-------- Source data
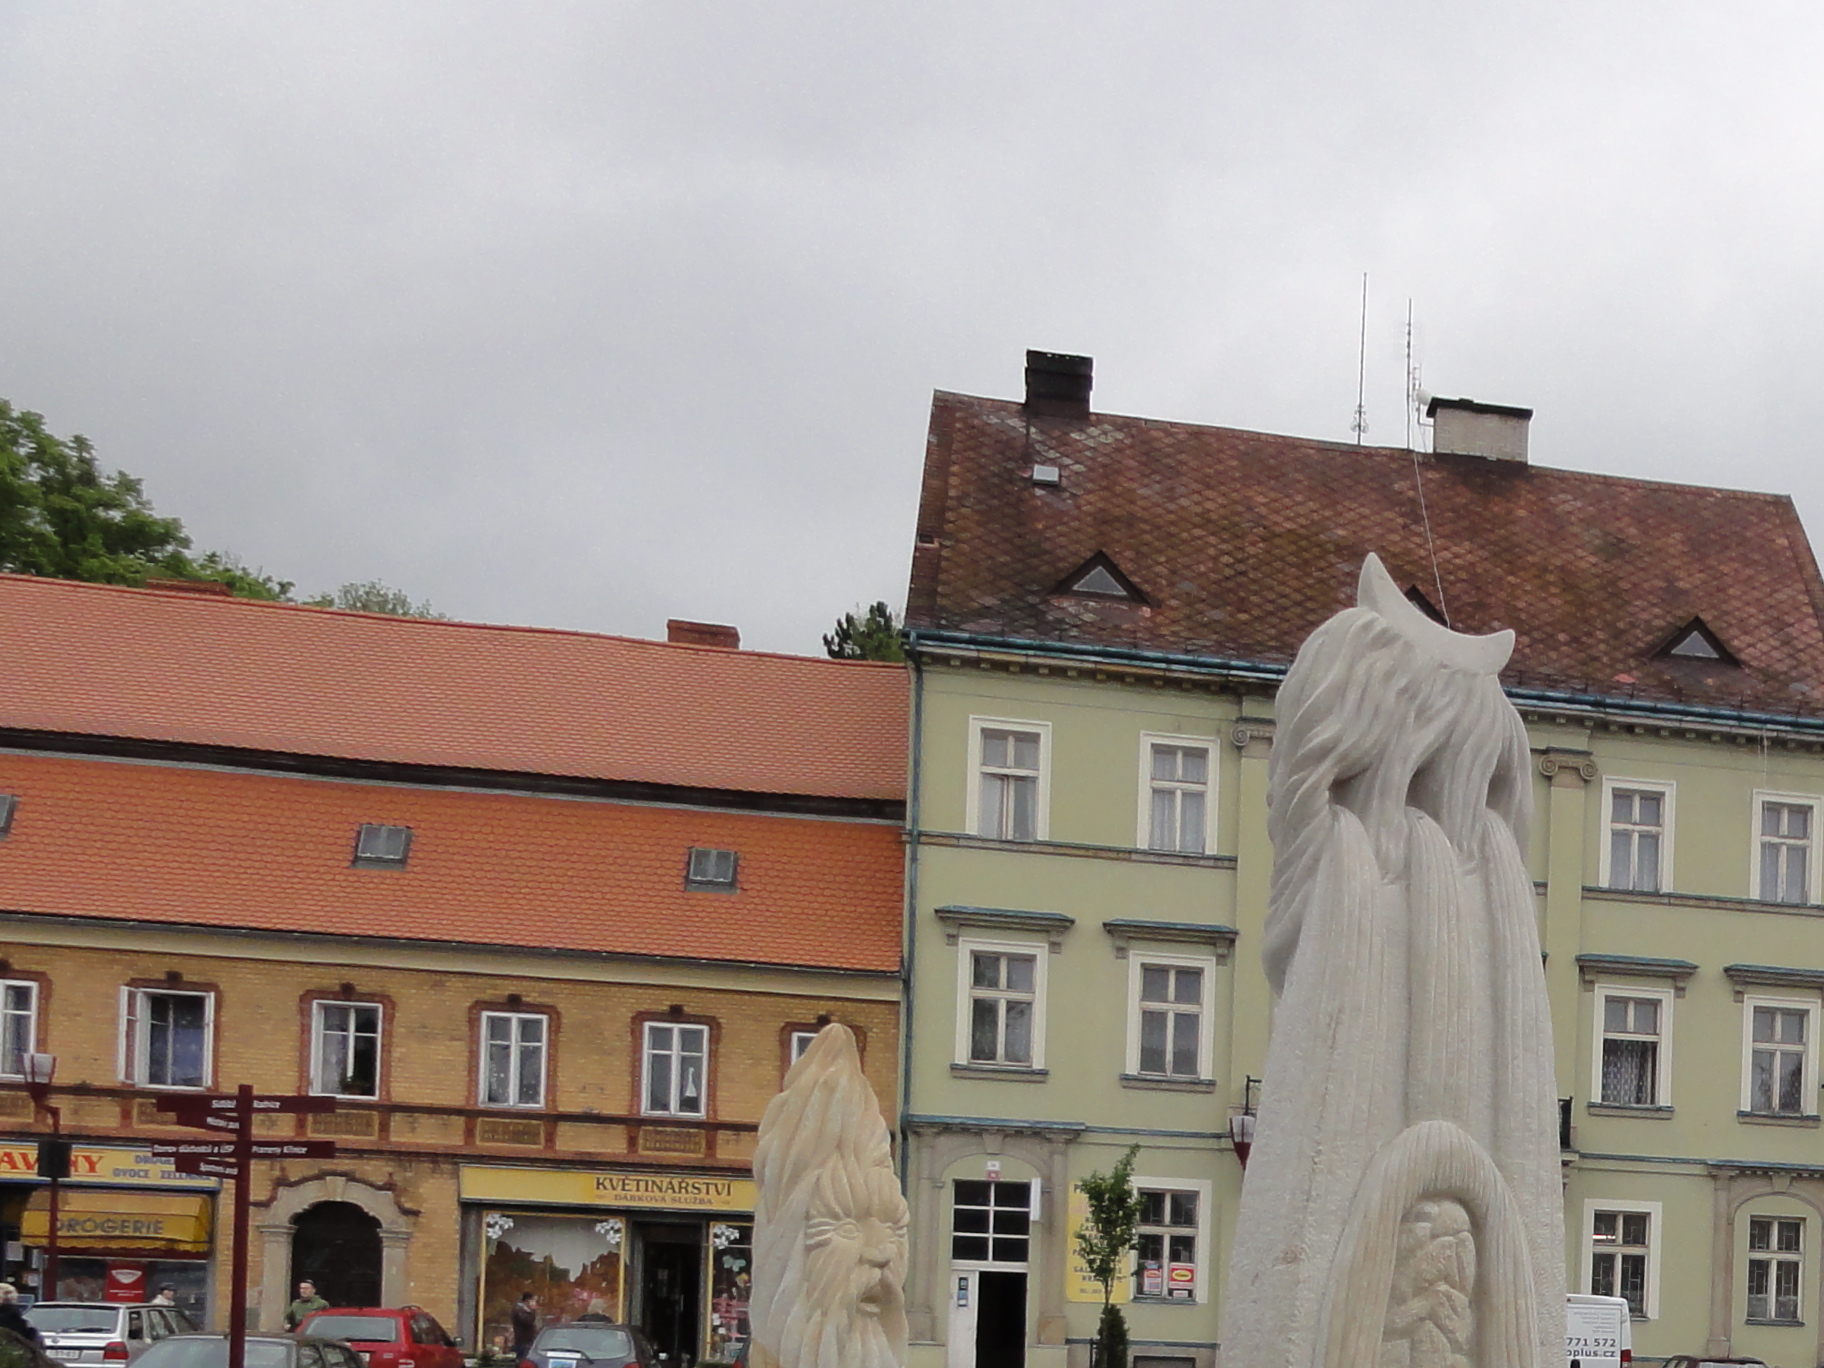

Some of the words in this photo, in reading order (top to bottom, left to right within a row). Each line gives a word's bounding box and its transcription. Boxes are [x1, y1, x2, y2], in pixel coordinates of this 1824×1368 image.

[113, 1168, 150, 1178] OVOCE
[595, 1176, 732, 1197] KVĚTINÁŘSTVÍ
[671, 1196, 714, 1205] SLUŽBA
[1567, 1337, 1589, 1347] 771
[1593, 1338, 1616, 1348] 572
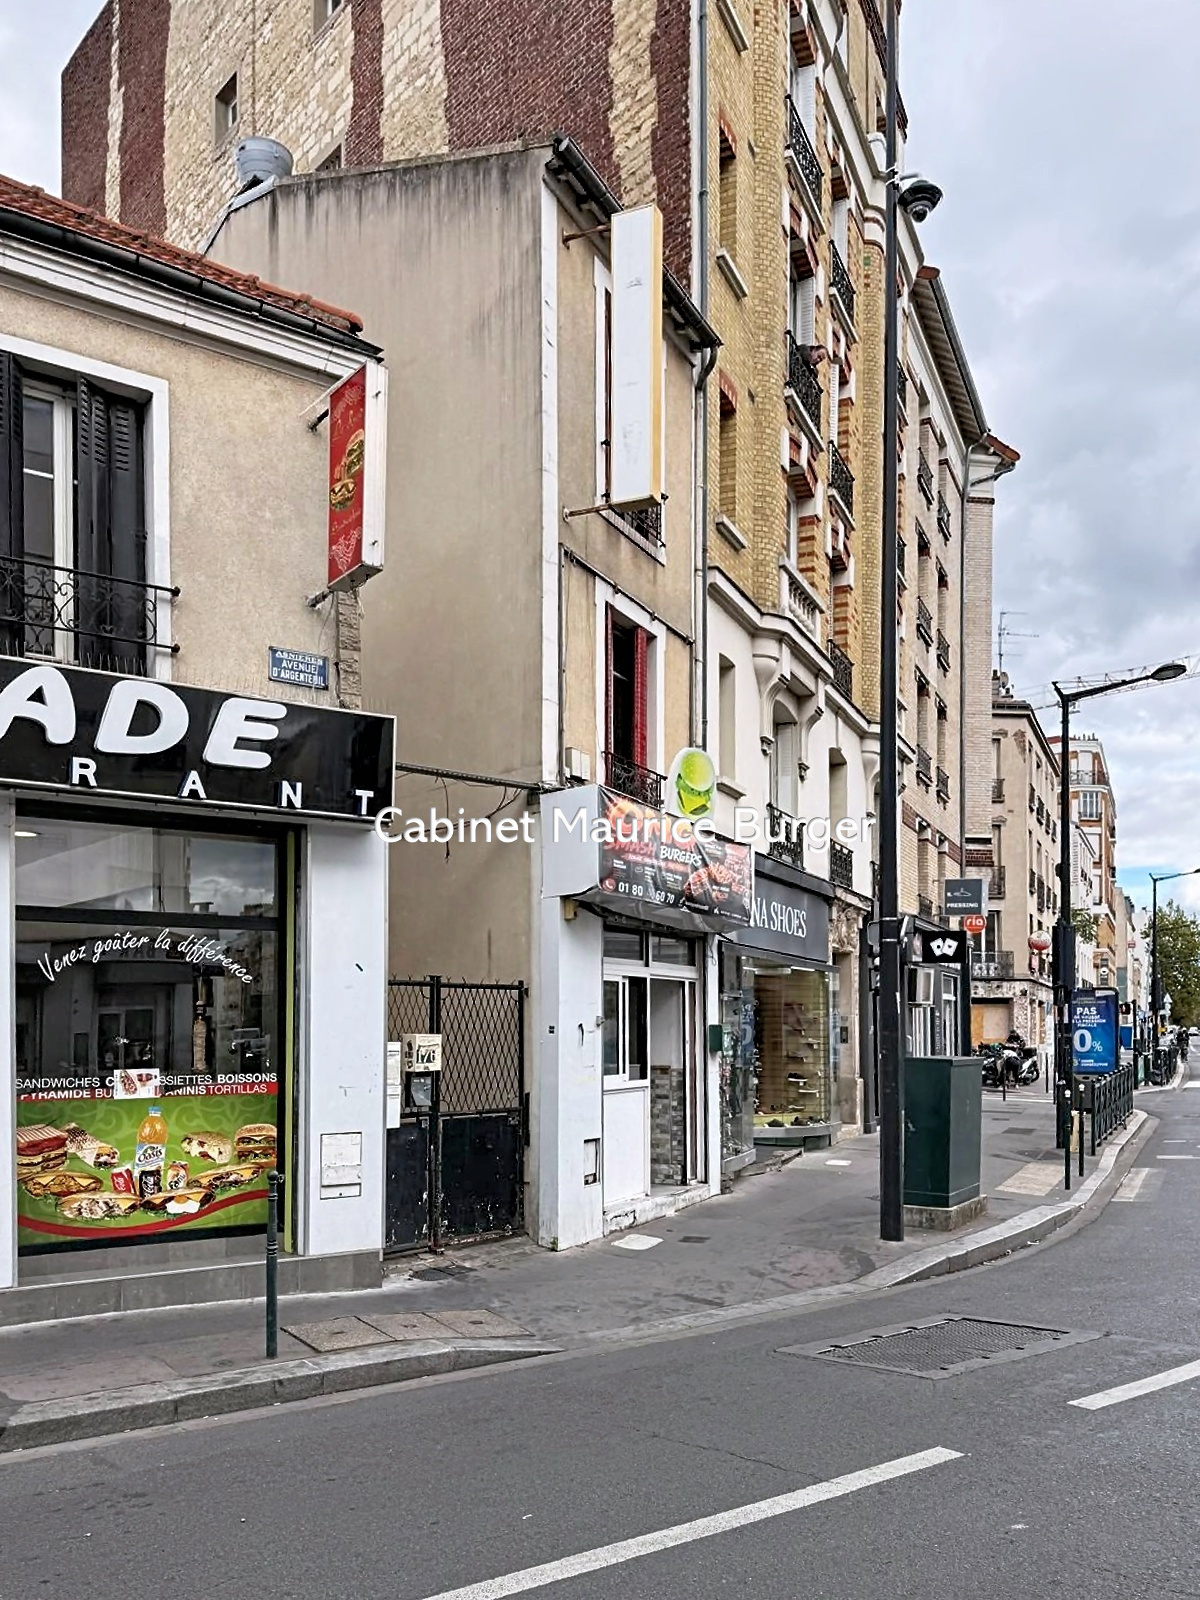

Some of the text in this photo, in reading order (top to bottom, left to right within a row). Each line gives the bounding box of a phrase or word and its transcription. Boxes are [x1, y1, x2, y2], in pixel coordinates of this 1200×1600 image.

[281, 660, 318, 674] AVENUE
[272, 667, 325, 686] D'ARGENTEUIL
[0, 666, 287, 769] ADE
[660, 845, 703, 867] BURGERS
[618, 881, 629, 893] 01
[631, 884, 643, 897] 80
[770, 901, 807, 938] SHOES
[966, 916, 984, 926] ria
[37, 927, 253, 984] Venez goûter la différence
[1076, 1007, 1097, 1015] PAS
[15, 1077, 101, 1089] SANDWICHES
[217, 1073, 277, 1084] BOISSONS
[95, 1088, 114, 1098] BU
[208, 1084, 268, 1094] TORTILLAS
[138, 1147, 163, 1163] Oasis
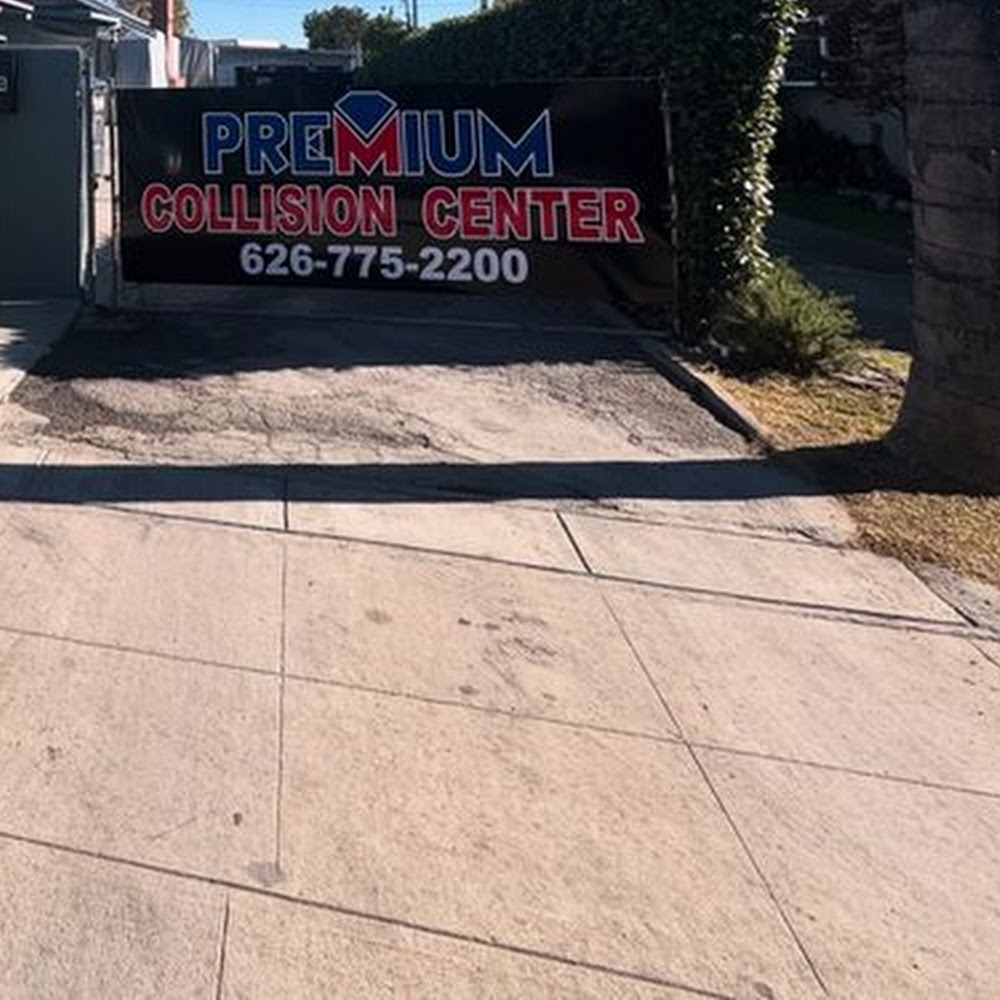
----------------
** Exercise directions **
Without the pictures, reproduce every record exactly as it appears above.

** Answer area **
Some of the words in this photo, in reading order (top to bottom, left to right within a row). Each line gives a word's bounding box and its transcription. Boxes are [x1, y1, x2, y2], in pixel coordinates of this 1824×1368 image.

[113, 1168, 150, 1178] OVOCE
[595, 1176, 732, 1197] KVĚTINÁŘSTVÍ
[671, 1196, 714, 1205] SLUŽBA
[1567, 1337, 1589, 1347] 771
[1593, 1338, 1616, 1348] 572

Some of the text in this photo, in reading order (top to bottom, left to right within a row). Each line gives the bounding box of a phrase or word and its transcription. Boxes are [x1, y1, x2, y2], in pixel coordinates of this 1200×1600 image.

[281, 660, 318, 674] AVENUE
[272, 667, 325, 686] D'ARGENTEUIL
[0, 666, 287, 769] ADE
[660, 845, 703, 867] BURGERS
[618, 881, 629, 893] 01
[631, 884, 643, 897] 80
[770, 901, 807, 938] SHOES
[966, 916, 984, 926] ria
[37, 927, 253, 984] Venez goûter la différence
[1076, 1007, 1097, 1015] PAS
[15, 1077, 101, 1089] SANDWICHES
[217, 1073, 277, 1084] BOISSONS
[95, 1088, 114, 1098] BU
[208, 1084, 268, 1094] TORTILLAS
[138, 1147, 163, 1163] Oasis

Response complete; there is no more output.